"Nel 2009 rischia di proliferare la diffusione del fenomeno dell’usura a seguito della grave situazione di difficoltà economica in cui versano le famiglie. Il sovra indebitamento delle famiglie campane, nel 2008, è cresciuto del 62,3%, rispetto al 2007 e la propensione all’usura nel 2009 è al 44%". Lo rilevano i dati statistici resi noti dalla Fondazione Antiusura S.G. Moscati e da Contribuenti.it –

Associazione Contribuenti Italiani che con Lo Sportello Antiusura monitora costantemente il fenomeno del sovra indebitamento delle famiglie italiane. "In Italia sono a rischio d’usura 1.433.000 famiglie – afferma Padre Massimo Rastrelli presidente della Fondazione Antiusura Moscati e della Consulta Nazionale delle Fondazioni Antiusura – Il debito medio delle famiglie italiane ha raggiunto la cifra di 19.630 euro e la piu’ esposta e’ la provincia di Roma, con oltre 24.250 euro". "Al primo posto delle regioni maggiormente esposte al rischio usura – afferma Vittorio Carlomagno presidente di Contribuenti.it – Associazione Contribuenti Italiani – troviamo il Piemonte con 394.000 famiglie, seguito dalla Sicilia con 235.000, Emilia Romagna con 214.000, Campania con 143.000, Lombardia con 88.000, Toscana con 60.000, Veneto con 43.000, Lazio con 43.000, Puglia con 40.000, Calabria con 35.000, Liguria con 28.000, Friuli V-Giulia con 20.000, Umbria con 20.000, Abruzzo con 19.000, Trentino-A.Adige con 15.000, Sardegna con 11.000, Valle d’Aosta con 10.000, Basilicata con 10.000, Marche con 4.000 e Molise con 1.000. ”La crisi economica, il crollo della borsa italiana, il boom delle carte di credito revolving, il proliferare del gioco d’azzardo ed il fisco iniquo – continua Rastrelli – rischiano di far scivolare migliaia di famiglie italiane in mano agli strozzini". ”I dati statistici – conclude Carlomagno – confermano che il fenomeno sta aumentando, e l’apice sarà raggiunto nel giugno del 2009. In passato, ogni qual volta l’economia ha segnato brusche frenate, l’usura ha subito delle forti crescite.
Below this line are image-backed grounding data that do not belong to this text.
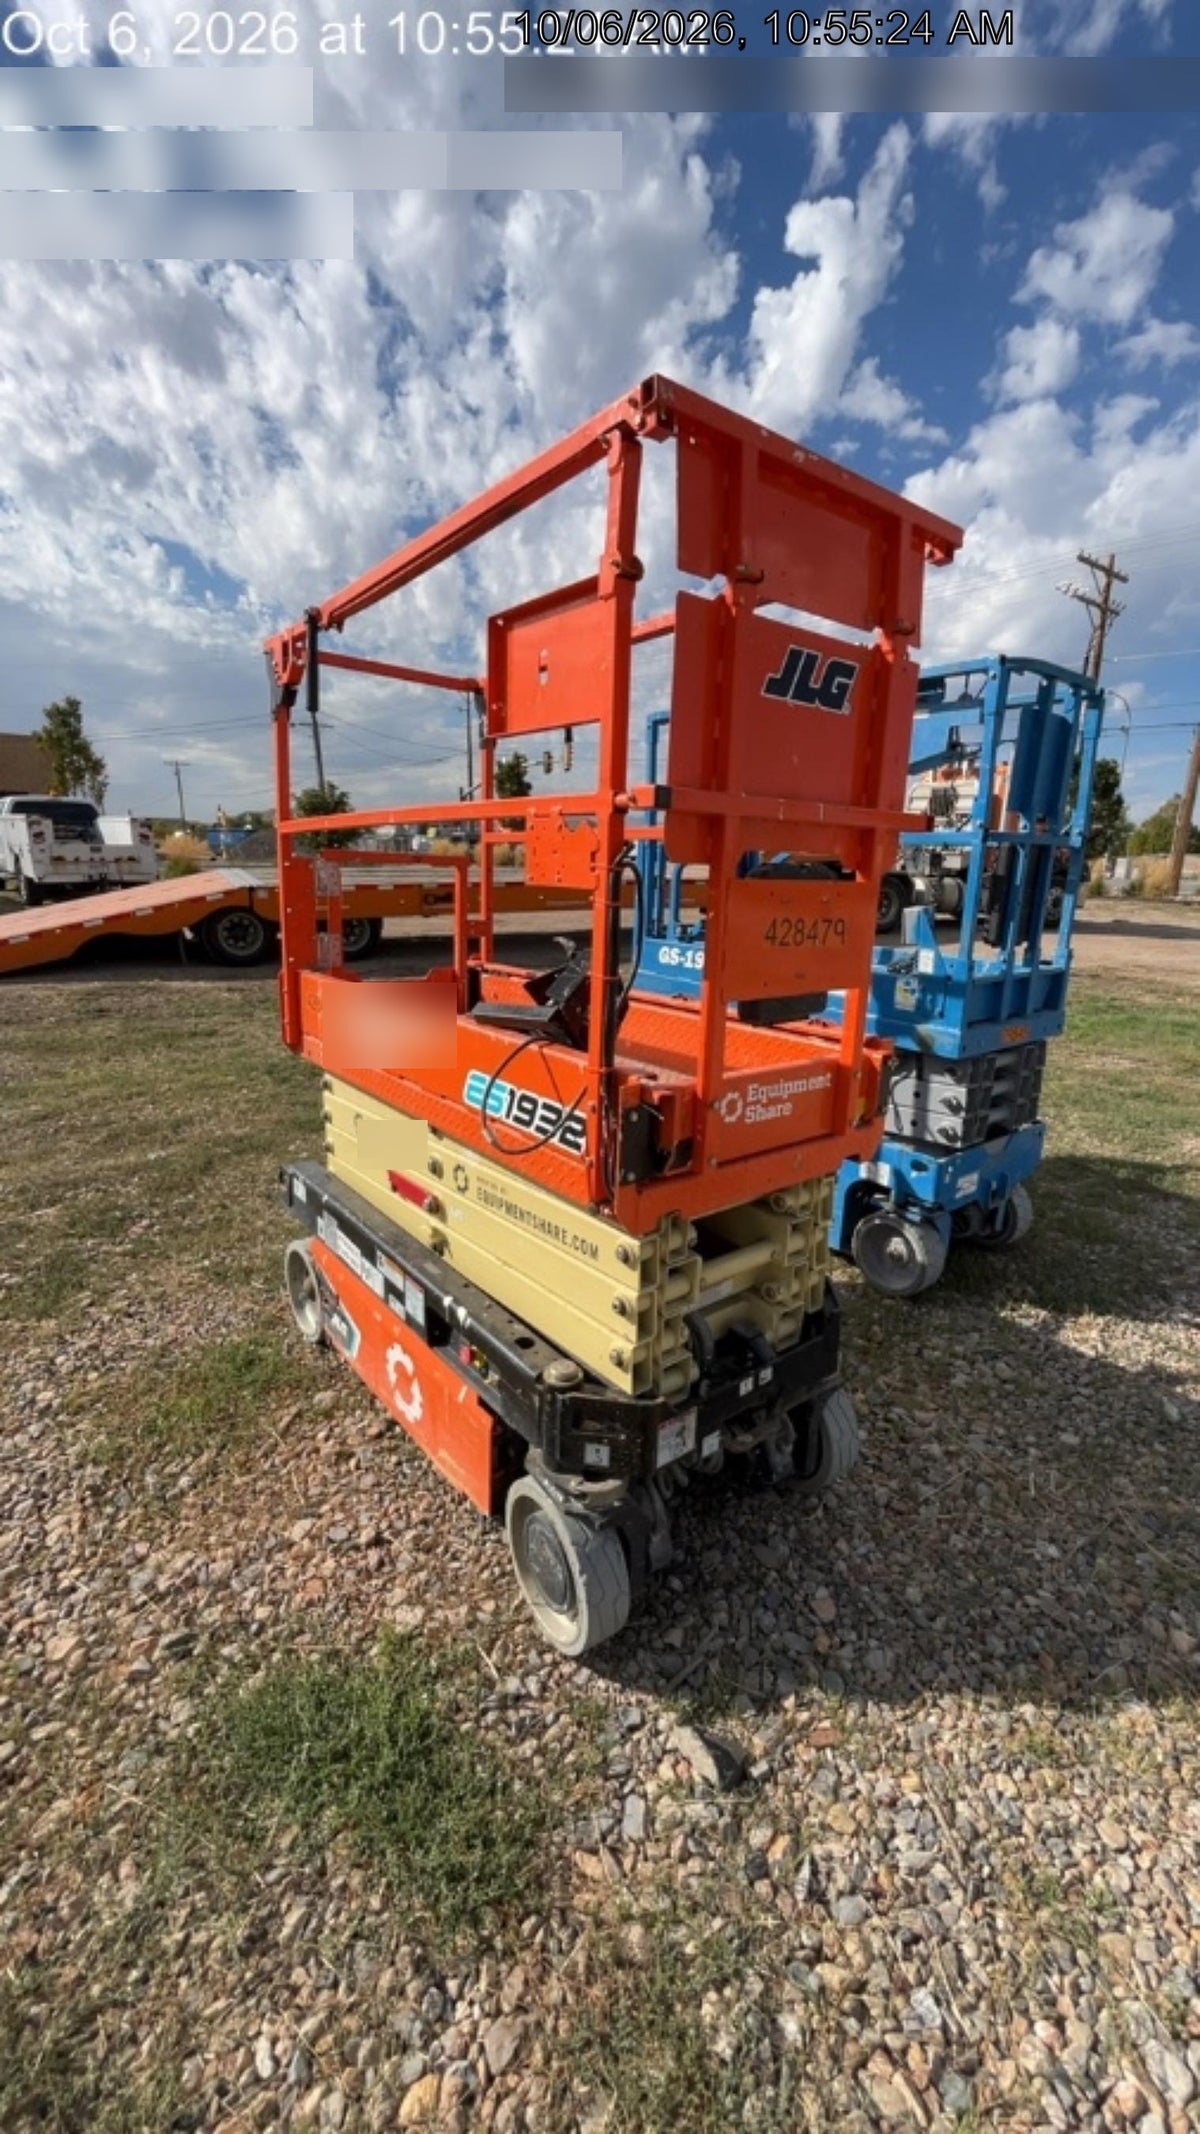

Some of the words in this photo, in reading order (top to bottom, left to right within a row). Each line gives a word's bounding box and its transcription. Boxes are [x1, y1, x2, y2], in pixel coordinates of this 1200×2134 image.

[761, 644, 860, 714] JLG
[764, 917, 846, 948] 428479
[464, 1069, 587, 1156] ES1932
[746, 1072, 831, 1103] Equipment
[744, 1102, 793, 1125] Share
[476, 1186, 599, 1261] EQUIPMENTSHARE.COM
Ora c’e’ un ulteriore problema. Ovvero, la poca propensione alla elargizione del credito da parte delle banche, specialmente nel mezzogiorno, e l’aggressione al patrimonio familiare da parte del fisco che ha costretto numerose famiglie monoreddito a richiedere la rateizzazione delle imposte. Tra queste, numerose sono quelle che si sono rivolte alle fondazioni antiusura".